Co-authorship analyses of networks represent a valuable tool for better understanding network structure and dynamics between researchers/groups. With the help of bibliometric analyses, Readers can understand how researchers and fields of knowledge interact to gain insight into the structures and dynamics of a scientific discipline (Sonnenwald, 2018). The information provided by co-authorship analysis can increase special attention to evaluating and promoting science and technology (Razzaq et al., 2022). Because nowadays, instead of focusing only on the lists of scientific publications and their quality indicators (e.g., citation, h-index), scientific studies on the existing structure with co-authorship analyses can provide new insights to readers and academics working in the field (Biscaro & Giupponi, 2014).
Co-occurrence analysis is a method in which the words used in the documents are analyzed to reveal the theoretical structure in the relevant literature (Callon et al., 1983; Zupic & Cater, 2015). Unlike co-authorship analysis, units of analysis are not authors, countries, or institutes. The unit of analysis is the concepts in the studied documents (Hernández-Torrano et al., 2022; Zupic & Cater, 2015). By applying content analysis to documents, words used together frequently are mapped out. The more frequently they appear together in a document, the stronger the relationship between the two terms. The reoccurring combination of words in published works indicates recurring research themes. Research focuses in a field are reached by examining themes’ networks and relationships. This way, it informs researchers about current trends and potential future research topics. Co-occurrence analysis also helps us comprehend a field’s cognitive and conceptual structure (Börner et al., 2003; Coulter et al., 1998; Zupic & Cater, 2015). In this study, we mapped the data from co-occurrence analysis based on years. In addition, we tabulated these data to show the change in the subject focuses frequently studied over time.
Results
Growth Trajectory: Evolution of Publications and Citations in the Field
The search for special education and technology studies in WoS databases yielded 4493 articles. Figure 2 demonstrates the number of publications and citations of the articles by year. Number of publications and citations by year.

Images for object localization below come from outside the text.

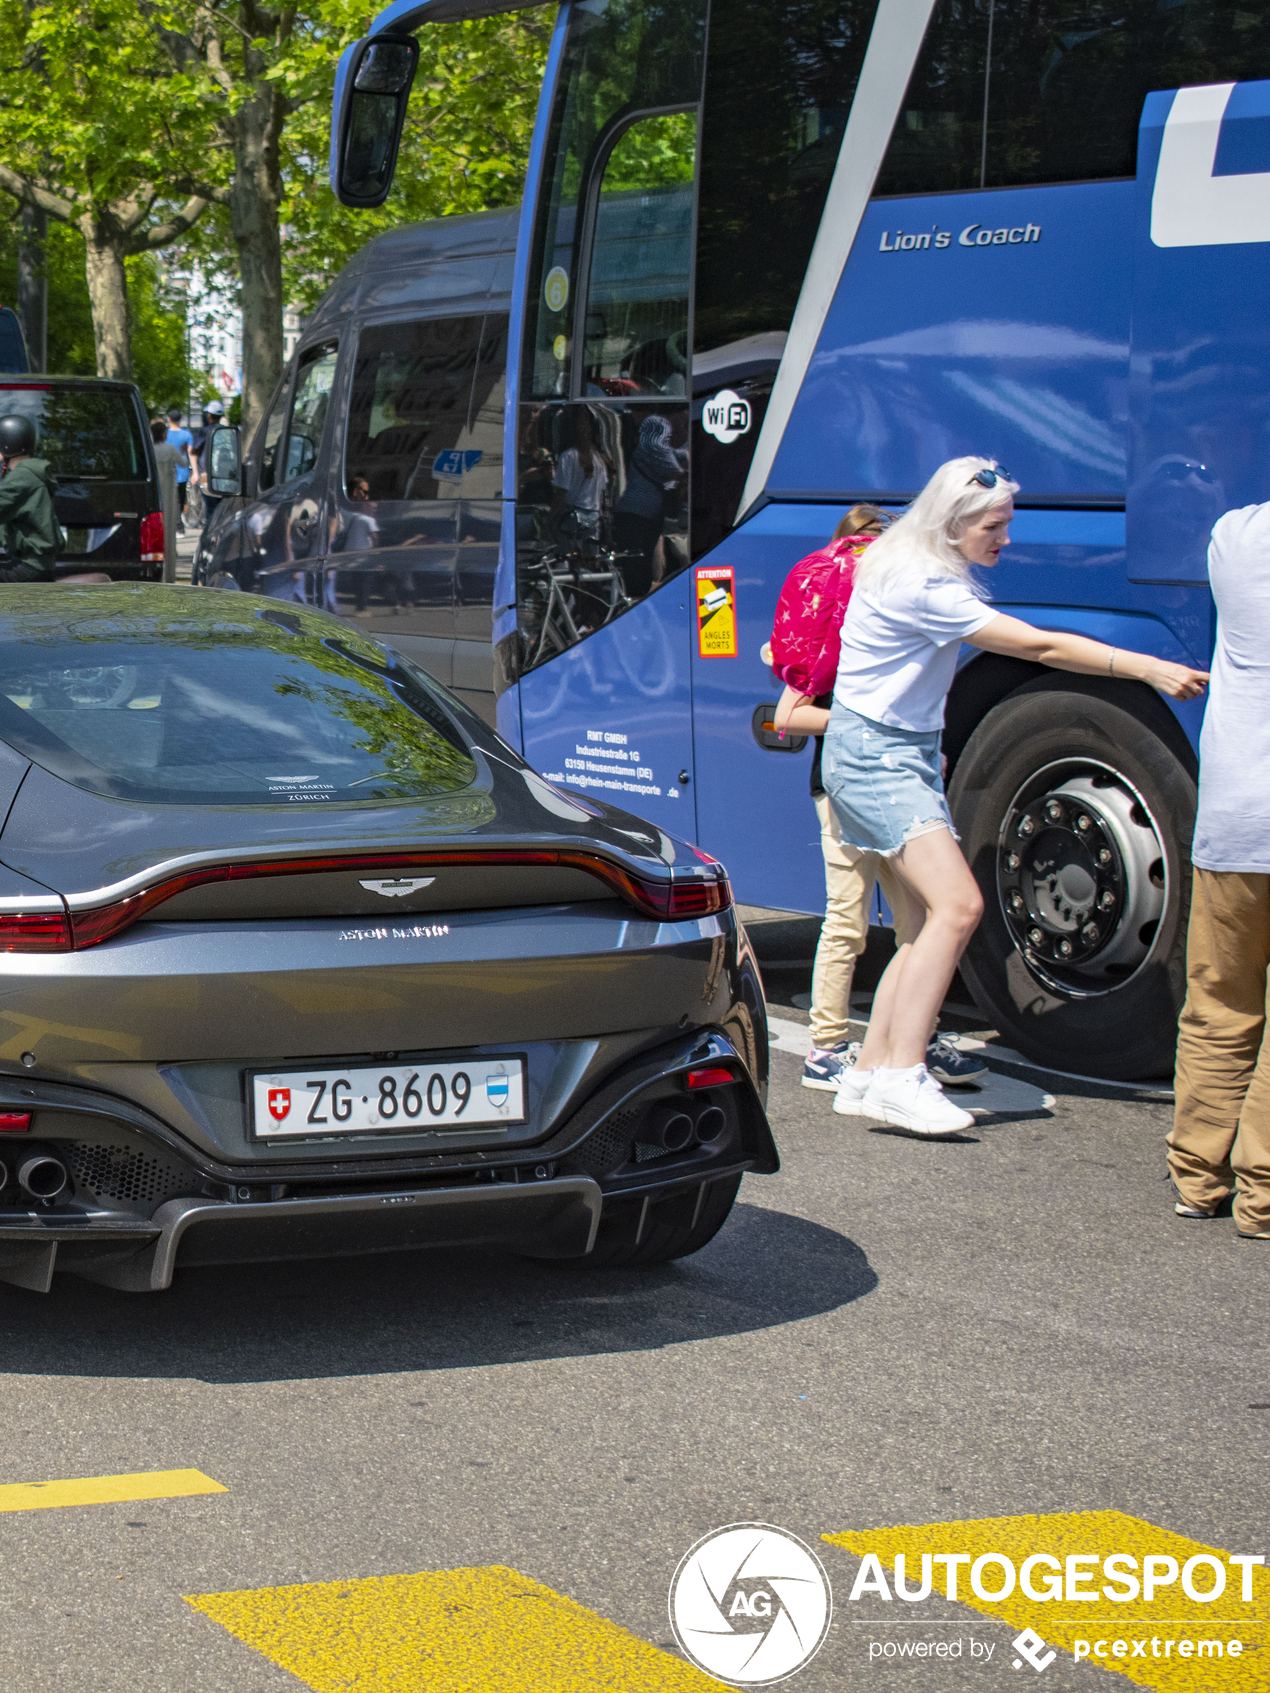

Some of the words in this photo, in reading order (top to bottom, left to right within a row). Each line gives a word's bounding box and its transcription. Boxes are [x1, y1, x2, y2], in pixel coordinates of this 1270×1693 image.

[879, 224, 951, 252] Lion's
[958, 222, 1042, 247] Coach
[697, 569, 732, 579] ATTENTION
[704, 631, 730, 640] ANGLES
[706, 641, 730, 649] MORTS
[587, 730, 603, 742] RMT
[604, 732, 628, 745] GMBH
[576, 744, 628, 761] Industriestraße
[629, 751, 641, 762] 1G
[565, 758, 585, 770] 63150
[586, 761, 636, 777] Heusenstamm
[636, 767, 653, 781] (DE)
[339, 928, 388, 941] ASTON
[392, 925, 449, 939] MARTIN

As a result of the search covering the period 1975 to 2022, it was understood that all articles on special education technologies were published after 1980. From 1980, when the first publication on special education and technology was made in WoS databases, to December 2022, according to Figure 2, the number of scientific studies on these topics has increased exponentially. There were 56,478 citations to 4493 articles published during these 42 years. The average number of citations per article is approximately 12.57. With 54 articles, the number of publications and citations in technology research in special education increased significantly in 2003. With 476 articles, 2021 saw the most significant number of publications. Once again, 2021 has the highest number of citations, with 7694.
Productivity: Core Journal, Leading Authors and Countries
Core Journal Ranked by Number of Records and Citation.

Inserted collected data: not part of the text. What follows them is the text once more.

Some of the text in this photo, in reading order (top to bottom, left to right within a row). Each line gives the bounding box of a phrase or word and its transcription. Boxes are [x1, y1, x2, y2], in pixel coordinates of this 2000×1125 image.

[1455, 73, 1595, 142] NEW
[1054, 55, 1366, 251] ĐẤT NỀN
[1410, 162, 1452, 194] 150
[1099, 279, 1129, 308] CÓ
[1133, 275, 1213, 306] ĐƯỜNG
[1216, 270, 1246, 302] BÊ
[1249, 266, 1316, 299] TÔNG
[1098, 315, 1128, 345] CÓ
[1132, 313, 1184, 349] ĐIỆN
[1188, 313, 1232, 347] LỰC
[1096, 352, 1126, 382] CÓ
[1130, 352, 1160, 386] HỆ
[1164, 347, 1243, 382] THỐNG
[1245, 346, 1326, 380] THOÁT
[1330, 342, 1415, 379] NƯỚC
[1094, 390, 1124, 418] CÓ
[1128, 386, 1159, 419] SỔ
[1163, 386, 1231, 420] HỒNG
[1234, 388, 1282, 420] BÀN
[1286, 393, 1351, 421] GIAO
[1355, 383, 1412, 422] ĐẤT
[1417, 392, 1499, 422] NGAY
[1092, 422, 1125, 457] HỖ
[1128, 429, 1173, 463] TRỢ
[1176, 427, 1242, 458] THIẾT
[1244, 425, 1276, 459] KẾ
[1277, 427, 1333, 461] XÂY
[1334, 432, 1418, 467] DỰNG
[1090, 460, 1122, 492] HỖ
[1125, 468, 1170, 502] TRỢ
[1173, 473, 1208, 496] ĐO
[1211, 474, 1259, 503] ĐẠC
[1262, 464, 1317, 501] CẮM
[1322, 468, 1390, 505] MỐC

Leading Authors Ranked by Number of Records.
Leading Country Ranked by Number of Records.
Social Structure: Networks of Scientific Collaboration
This section presents the results of mapping the special education and technology-related research collaborations. We conducted co-authorship analyses to reveal the collaboration between special education and technology institutions, authors, and countries. Figure 3 represents co-authorship analysis for inter-institutional collaboration. It demonstrates the collaboration network between institutions with at least five articles. These findings show a robust and diverse network of collaboration between institutions. According to the co-authorship analysis between institutions, the map contains 15 distinct clusters. These clusters, each containing a different number of institutions, reveal the social structure of the field. The institutions in the cluster, shown in red and located in the horizontal center of the map, comprise the largest collaborative network. There are 14 different institutions in total in the red cluster. Another essential cooperation network between institutions is in the blue cluster. The green clusters follow the blue clusters. Collaborative research networks between organizations.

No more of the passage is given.